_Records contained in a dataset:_
--
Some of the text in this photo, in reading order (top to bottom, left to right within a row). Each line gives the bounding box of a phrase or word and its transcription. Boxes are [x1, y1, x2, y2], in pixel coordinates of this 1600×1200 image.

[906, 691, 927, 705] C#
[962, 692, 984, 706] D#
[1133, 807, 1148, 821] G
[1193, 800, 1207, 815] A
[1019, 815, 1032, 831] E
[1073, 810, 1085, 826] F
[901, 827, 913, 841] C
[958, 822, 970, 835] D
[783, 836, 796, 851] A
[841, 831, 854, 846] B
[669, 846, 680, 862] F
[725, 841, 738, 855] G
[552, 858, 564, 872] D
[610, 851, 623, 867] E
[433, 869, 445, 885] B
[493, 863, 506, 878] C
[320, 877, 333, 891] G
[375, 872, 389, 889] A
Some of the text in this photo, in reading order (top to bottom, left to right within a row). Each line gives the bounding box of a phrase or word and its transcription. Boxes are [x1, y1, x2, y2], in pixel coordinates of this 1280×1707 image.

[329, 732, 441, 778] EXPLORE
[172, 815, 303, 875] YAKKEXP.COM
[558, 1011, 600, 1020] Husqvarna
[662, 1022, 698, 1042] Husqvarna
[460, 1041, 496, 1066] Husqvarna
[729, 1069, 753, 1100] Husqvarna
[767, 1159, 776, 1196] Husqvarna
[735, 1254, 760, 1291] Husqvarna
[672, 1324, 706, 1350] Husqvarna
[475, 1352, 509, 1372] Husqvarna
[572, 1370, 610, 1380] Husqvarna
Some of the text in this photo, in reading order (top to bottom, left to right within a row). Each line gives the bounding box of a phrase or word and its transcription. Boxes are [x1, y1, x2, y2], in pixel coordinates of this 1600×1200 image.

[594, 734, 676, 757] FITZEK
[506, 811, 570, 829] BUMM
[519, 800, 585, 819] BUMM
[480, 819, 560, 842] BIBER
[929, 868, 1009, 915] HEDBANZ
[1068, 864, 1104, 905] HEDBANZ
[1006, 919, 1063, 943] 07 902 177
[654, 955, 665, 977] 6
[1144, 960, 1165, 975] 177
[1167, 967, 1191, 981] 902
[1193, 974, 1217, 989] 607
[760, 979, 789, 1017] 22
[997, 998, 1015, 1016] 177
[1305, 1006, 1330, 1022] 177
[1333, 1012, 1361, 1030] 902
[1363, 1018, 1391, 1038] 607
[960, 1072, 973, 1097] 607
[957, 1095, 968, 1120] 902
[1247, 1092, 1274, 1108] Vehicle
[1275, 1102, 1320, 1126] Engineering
--
_Required work:_
Repeat the data in its entirety, word for word.

_Output of the exercise:_
Some of the text in this photo, in reading order (top to bottom, left to right within a row). Each line gives the bounding box of a phrase or word and its transcription. Boxes are [x1, y1, x2, y2], in pixel coordinates of this 1600×1200 image.

[906, 691, 927, 705] C#
[962, 692, 984, 706] D#
[1133, 807, 1148, 821] G
[1193, 800, 1207, 815] A
[1019, 815, 1032, 831] E
[1073, 810, 1085, 826] F
[901, 827, 913, 841] C
[958, 822, 970, 835] D
[783, 836, 796, 851] A
[841, 831, 854, 846] B
[669, 846, 680, 862] F
[725, 841, 738, 855] G
[552, 858, 564, 872] D
[610, 851, 623, 867] E
[433, 869, 445, 885] B
[493, 863, 506, 878] C
[320, 877, 333, 891] G
[375, 872, 389, 889] A
Some of the text in this photo, in reading order (top to bottom, left to right within a row). Each line gives the bounding box of a phrase or word and its transcription. Boxes are [x1, y1, x2, y2], in pixel coordinates of this 1280×1707 image.

[329, 732, 441, 778] EXPLORE
[172, 815, 303, 875] YAKKEXP.COM
[558, 1011, 600, 1020] Husqvarna
[662, 1022, 698, 1042] Husqvarna
[460, 1041, 496, 1066] Husqvarna
[729, 1069, 753, 1100] Husqvarna
[767, 1159, 776, 1196] Husqvarna
[735, 1254, 760, 1291] Husqvarna
[672, 1324, 706, 1350] Husqvarna
[475, 1352, 509, 1372] Husqvarna
[572, 1370, 610, 1380] Husqvarna
Some of the text in this photo, in reading order (top to bottom, left to right within a row). Each line gives the bounding box of a phrase or word and its transcription. Boxes are [x1, y1, x2, y2], in pixel coordinates of this 1600×1200 image.

[594, 734, 676, 757] FITZEK
[506, 811, 570, 829] BUMM
[519, 800, 585, 819] BUMM
[480, 819, 560, 842] BIBER
[929, 868, 1009, 915] HEDBANZ
[1068, 864, 1104, 905] HEDBANZ
[1006, 919, 1063, 943] 07 902 177
[654, 955, 665, 977] 6
[1144, 960, 1165, 975] 177
[1167, 967, 1191, 981] 902
[1193, 974, 1217, 989] 607
[760, 979, 789, 1017] 22
[997, 998, 1015, 1016] 177
[1305, 1006, 1330, 1022] 177
[1333, 1012, 1361, 1030] 902
[1363, 1018, 1391, 1038] 607
[960, 1072, 973, 1097] 607
[957, 1095, 968, 1120] 902
[1247, 1092, 1274, 1108] Vehicle
[1275, 1102, 1320, 1126] Engineering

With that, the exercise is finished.